* _EXERCISE OBJECTIVE_: Exactly reproduce the entries, dropping any pictures from your copy.

[Image-backed grounding data]
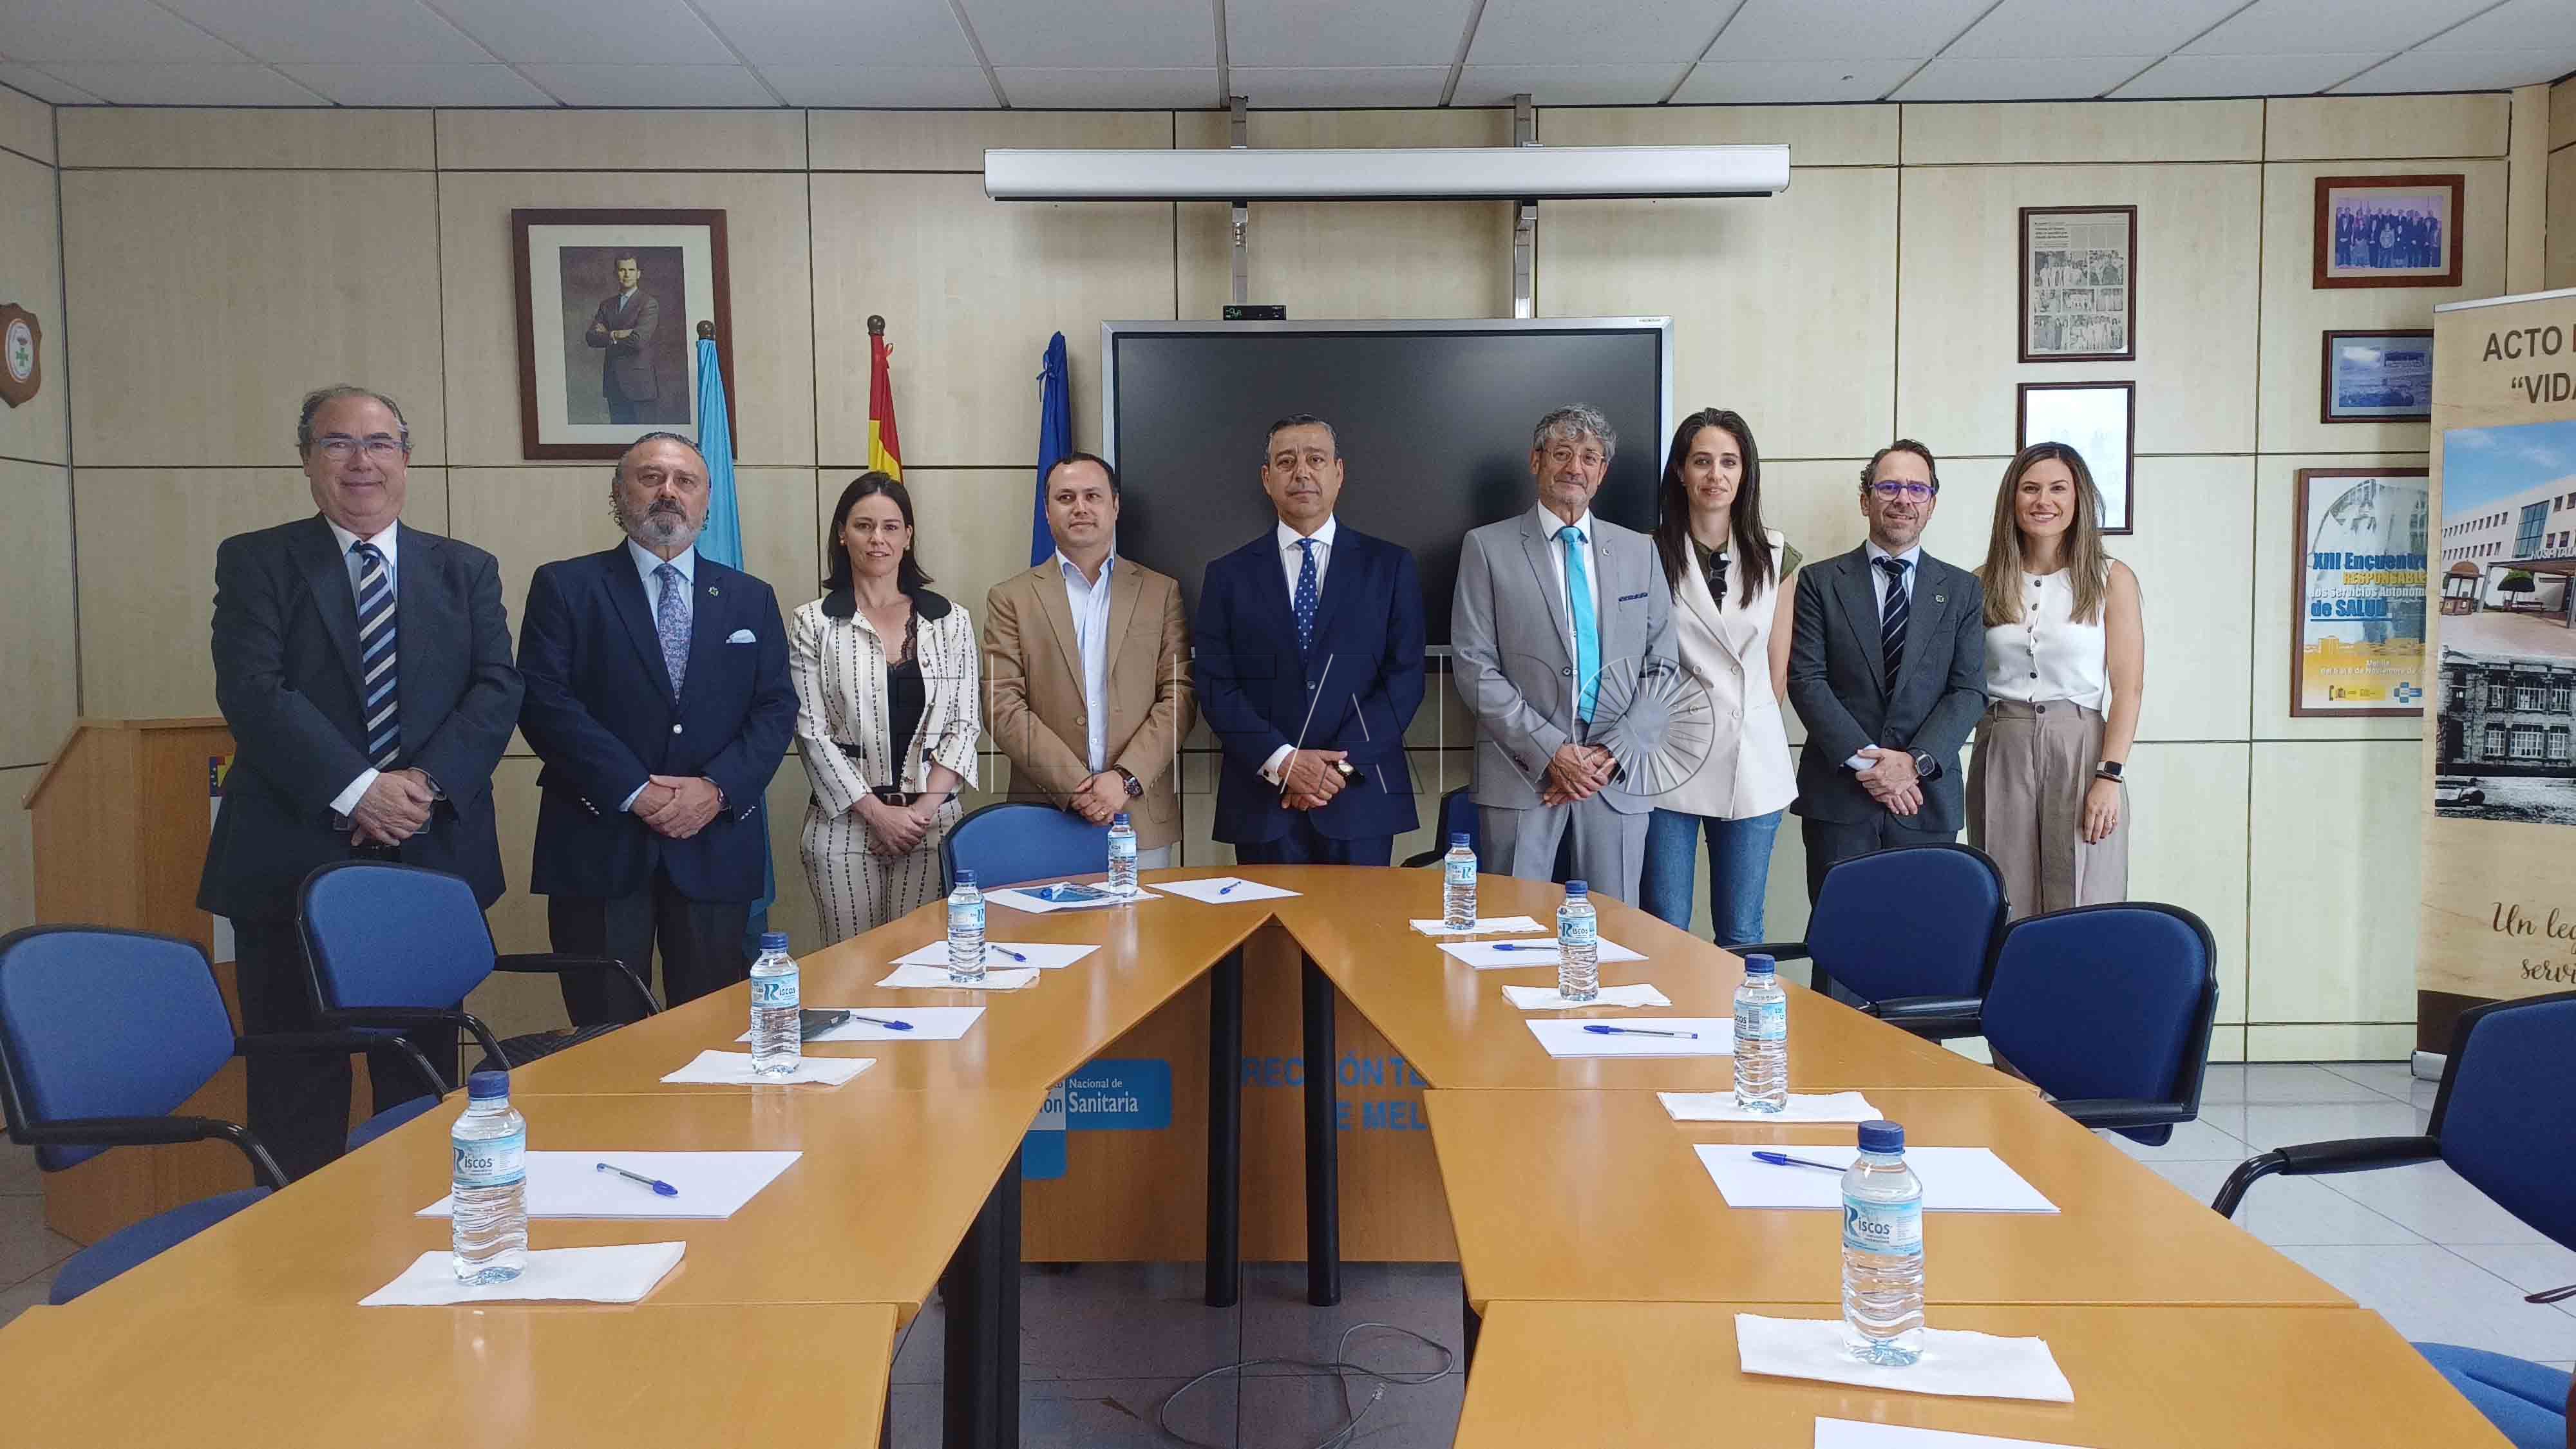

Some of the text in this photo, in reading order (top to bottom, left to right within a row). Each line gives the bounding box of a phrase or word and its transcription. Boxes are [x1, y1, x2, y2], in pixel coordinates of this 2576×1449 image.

[2483, 325, 2562, 362] ACTO
[2313, 552, 2342, 570] XIII
[2311, 598, 2389, 617] de SALUD
[2492, 902, 2537, 937] Un
[1068, 1078, 1109, 1089] Nacional
[1111, 1078, 1123, 1088] de
[1068, 1091, 1139, 1113] Sanitaria
[453, 1146, 494, 1174] Riscos
[1843, 1203, 1891, 1237] Riscos
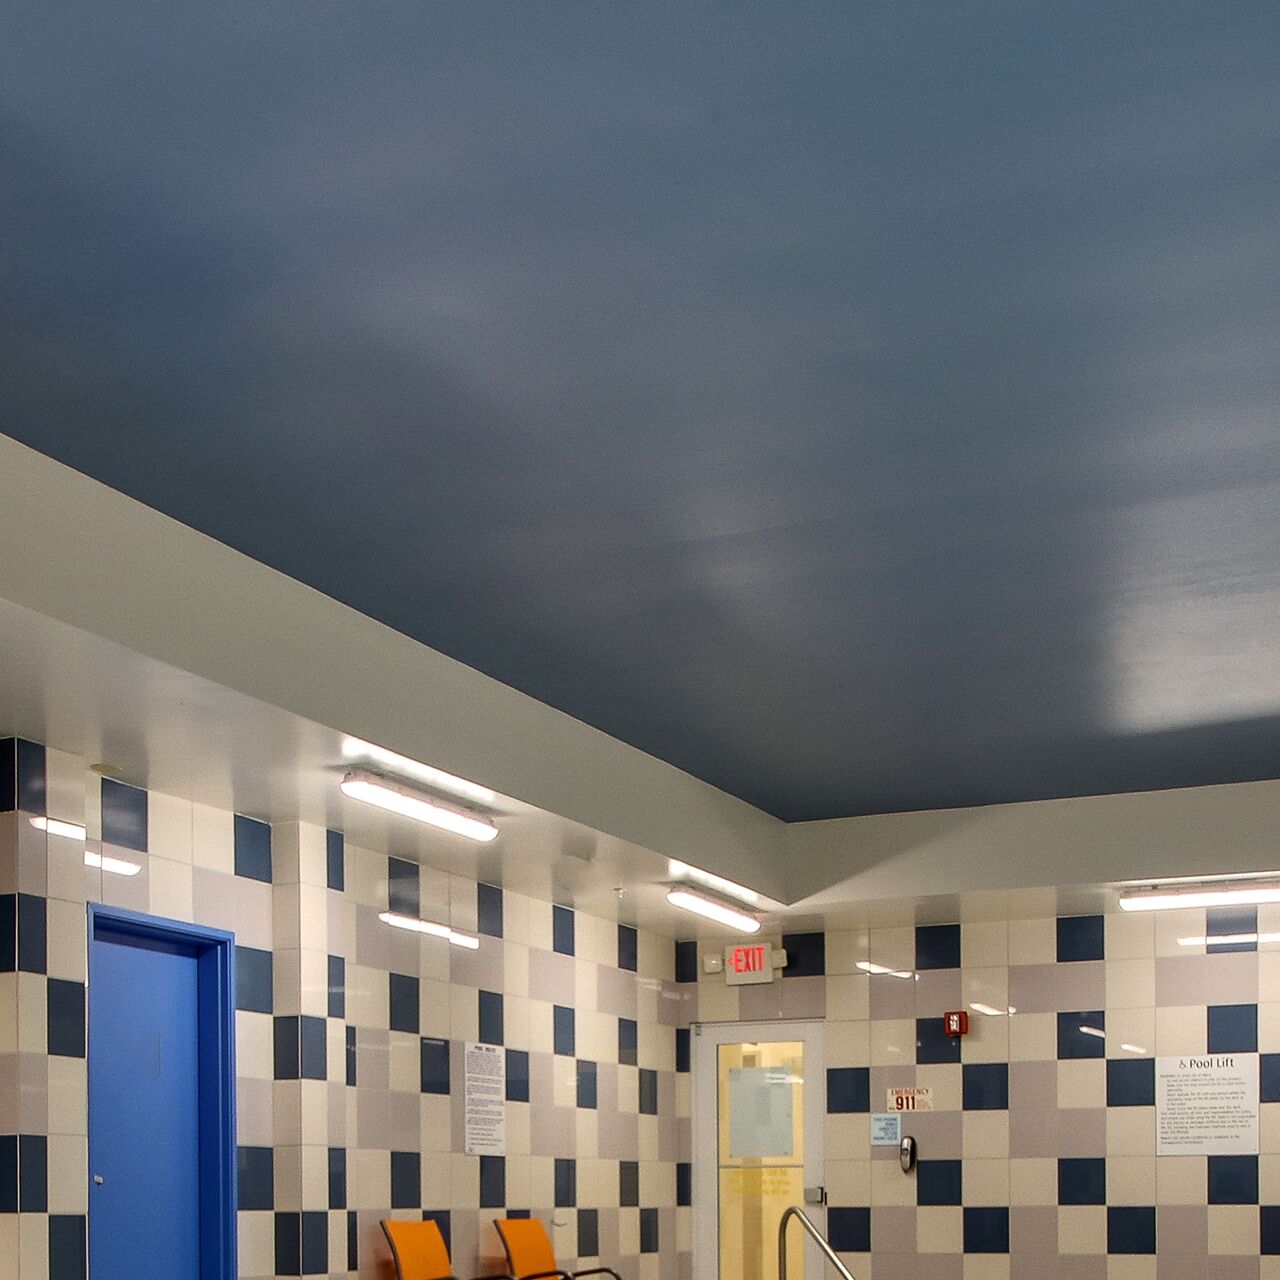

* _REPLY TO THE EXERCISE_:
Some of the text in this photo, in reading order (top to bottom, left to right within a row). Each line gives the bounding box of a phrase or word and its transcription. Boxes are [x1, y1, x2, y2], in pixel coordinates of this 2576×1449 image.

[2483, 325, 2562, 362] ACTO
[2313, 552, 2342, 570] XIII
[2311, 598, 2389, 617] de SALUD
[2492, 902, 2537, 937] Un
[1068, 1078, 1109, 1089] Nacional
[1111, 1078, 1123, 1088] de
[1068, 1091, 1139, 1113] Sanitaria
[453, 1146, 494, 1174] Riscos
[1843, 1203, 1891, 1237] Riscos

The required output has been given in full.